-------- Extracted material --------

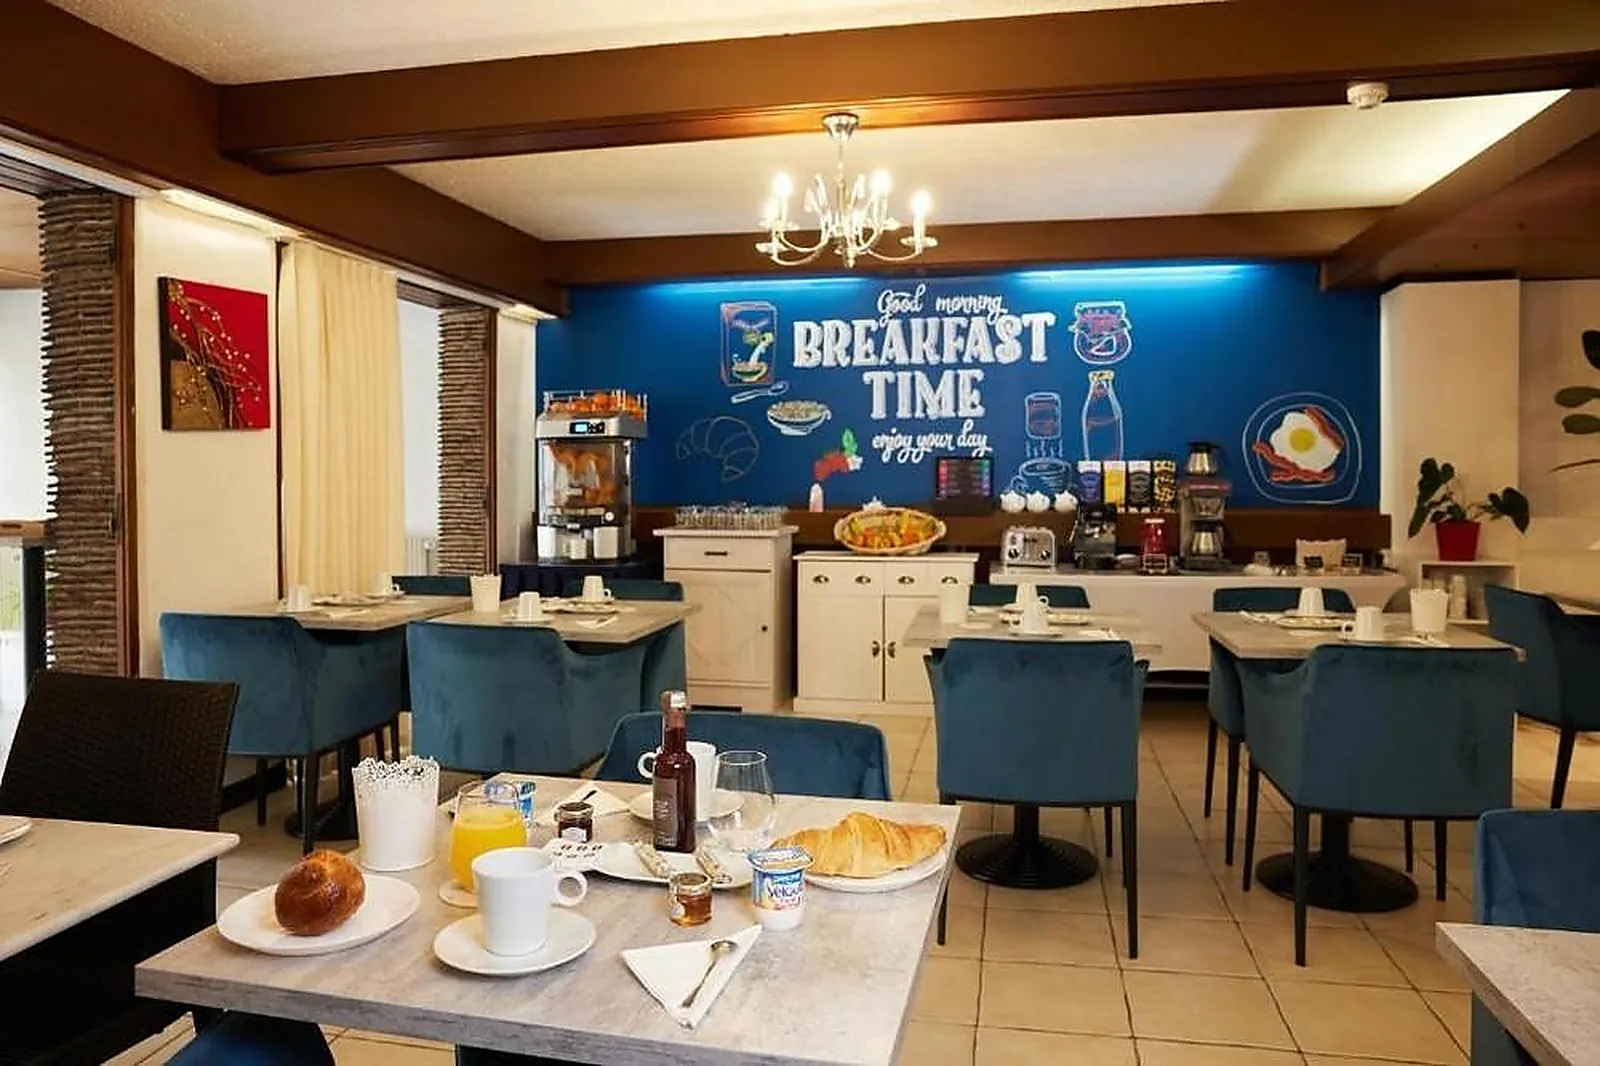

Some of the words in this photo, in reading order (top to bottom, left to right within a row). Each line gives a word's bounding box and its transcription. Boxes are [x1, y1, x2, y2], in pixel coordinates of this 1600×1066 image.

[877, 283, 926, 328] Good
[935, 294, 1008, 326] morning
[793, 312, 1057, 368] BREAKFAST
[862, 369, 986, 420] TIME
[872, 427, 913, 463] enjoy
[911, 433, 956, 463] your
[957, 418, 993, 457] day
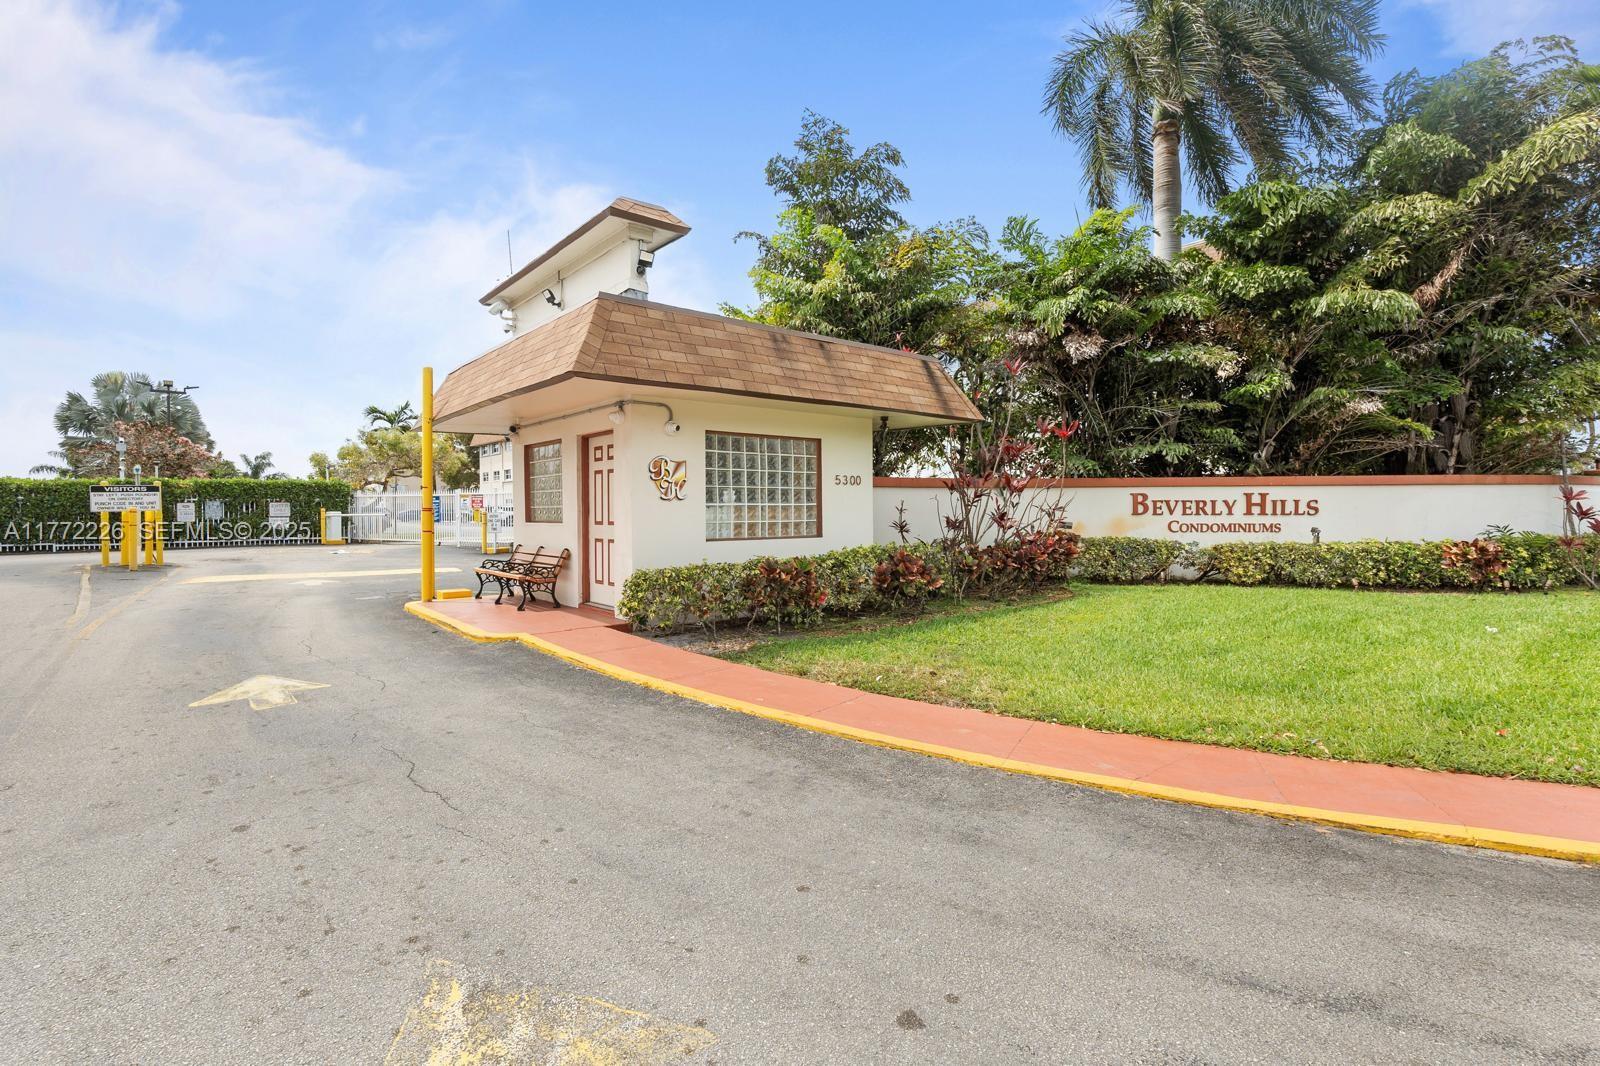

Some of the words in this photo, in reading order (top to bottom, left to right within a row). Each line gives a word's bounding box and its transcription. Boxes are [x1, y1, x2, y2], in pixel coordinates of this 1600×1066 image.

[834, 474, 862, 486] 5300
[1129, 492, 1238, 516] BEVERLY
[1243, 492, 1320, 516] HILLS
[1167, 520, 1282, 533] CONDOMINIUMS
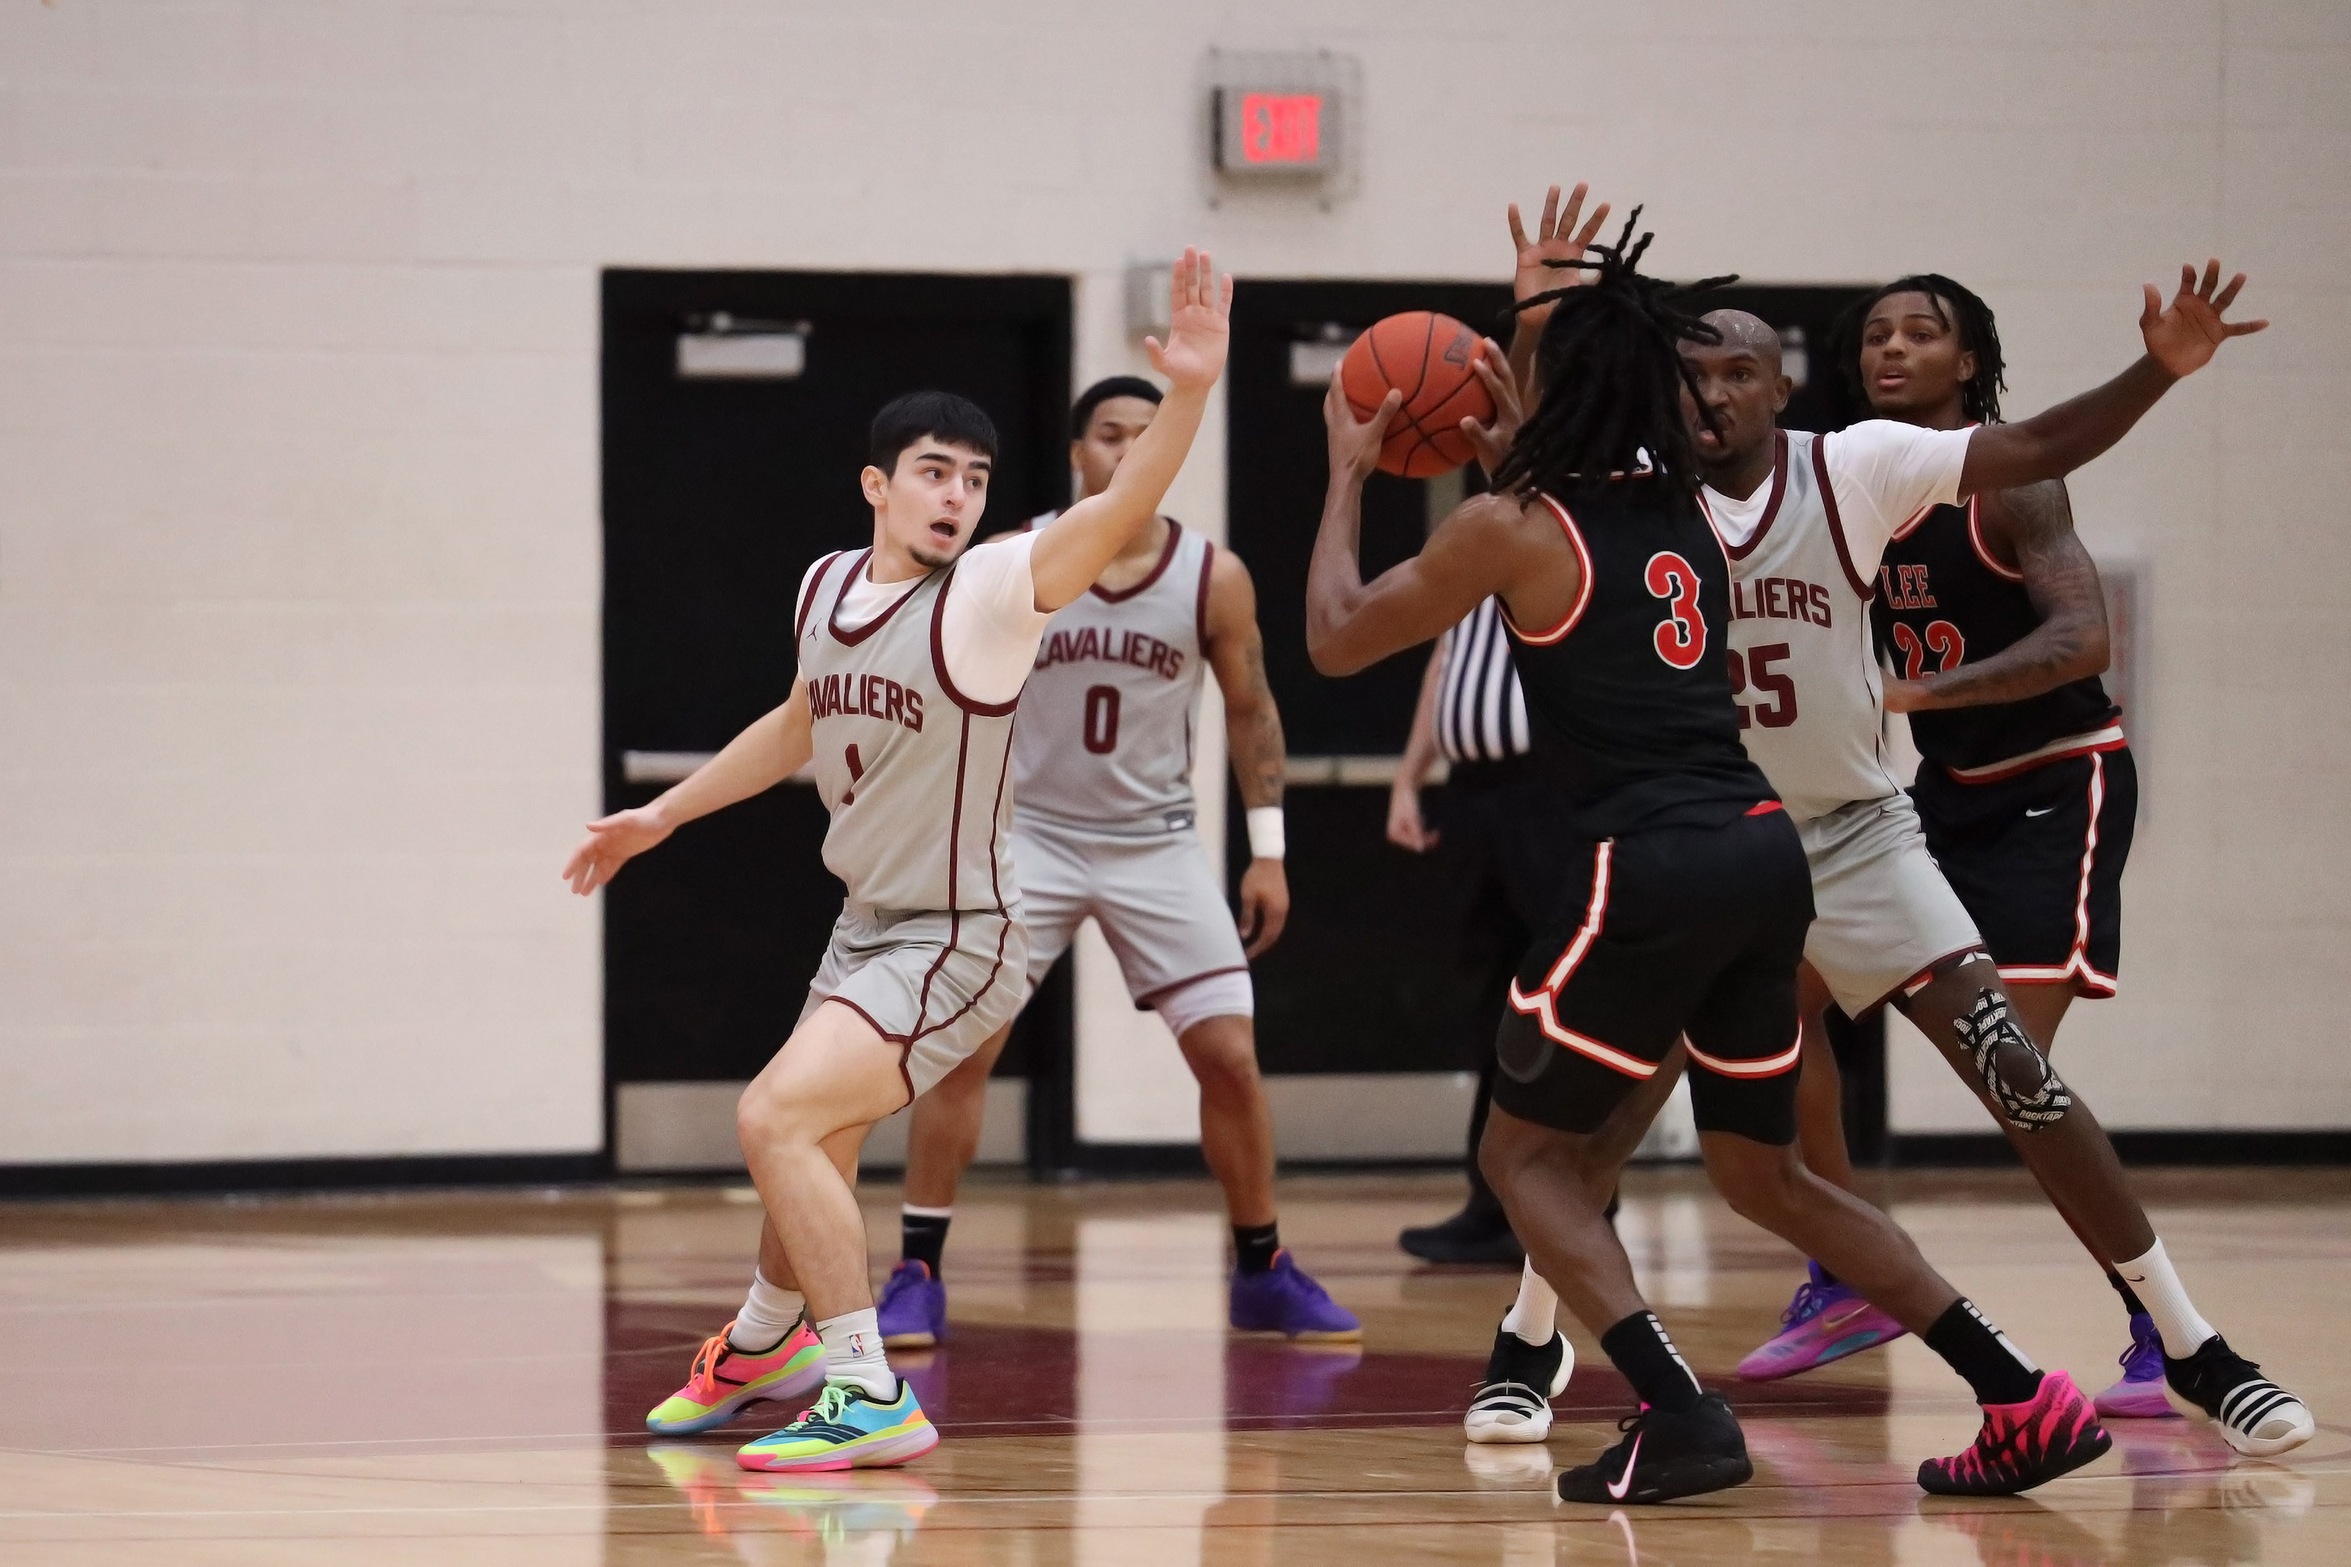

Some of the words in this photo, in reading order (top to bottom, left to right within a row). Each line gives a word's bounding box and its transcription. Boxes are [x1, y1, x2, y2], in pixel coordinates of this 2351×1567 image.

[1644, 551, 1709, 670] 3
[1728, 578, 1832, 629] LIERS
[1879, 564, 1938, 609] LEE
[805, 672, 924, 734] AVALIERS
[1084, 684, 1121, 755] 0

--------

Exercise instructions: Go through the data and return every word of it verbatim, leaving out the pictures.

Response:
Some of the words in this photo, in reading order (top to bottom, left to right within a row). Each line gives a word's bounding box and its transcription. Boxes are [x1, y1, x2, y2], in pixel coordinates of this 1600×1066 image.

[877, 283, 926, 328] Good
[935, 294, 1008, 326] morning
[793, 312, 1057, 368] BREAKFAST
[862, 369, 986, 420] TIME
[872, 427, 913, 463] enjoy
[911, 433, 956, 463] your
[957, 418, 993, 457] day

Some of the words in this photo, in reading order (top to bottom, left to right within a row). Each line gives a word's bounding box and its transcription. Boxes are [x1, y1, x2, y2], in pixel coordinates of this 1600×1066 image.

[834, 474, 862, 486] 5300
[1129, 492, 1238, 516] BEVERLY
[1243, 492, 1320, 516] HILLS
[1167, 520, 1282, 533] CONDOMINIUMS

Some of the words in this photo, in reading order (top to bottom, left to right within a row). Each line gives a word's bounding box and its transcription. Boxes are [x1, y1, x2, y2], in pixel coordinates of this 2351×1567 image.

[1644, 551, 1709, 670] 3
[1728, 578, 1832, 629] LIERS
[1879, 564, 1938, 609] LEE
[805, 672, 924, 734] AVALIERS
[1084, 684, 1121, 755] 0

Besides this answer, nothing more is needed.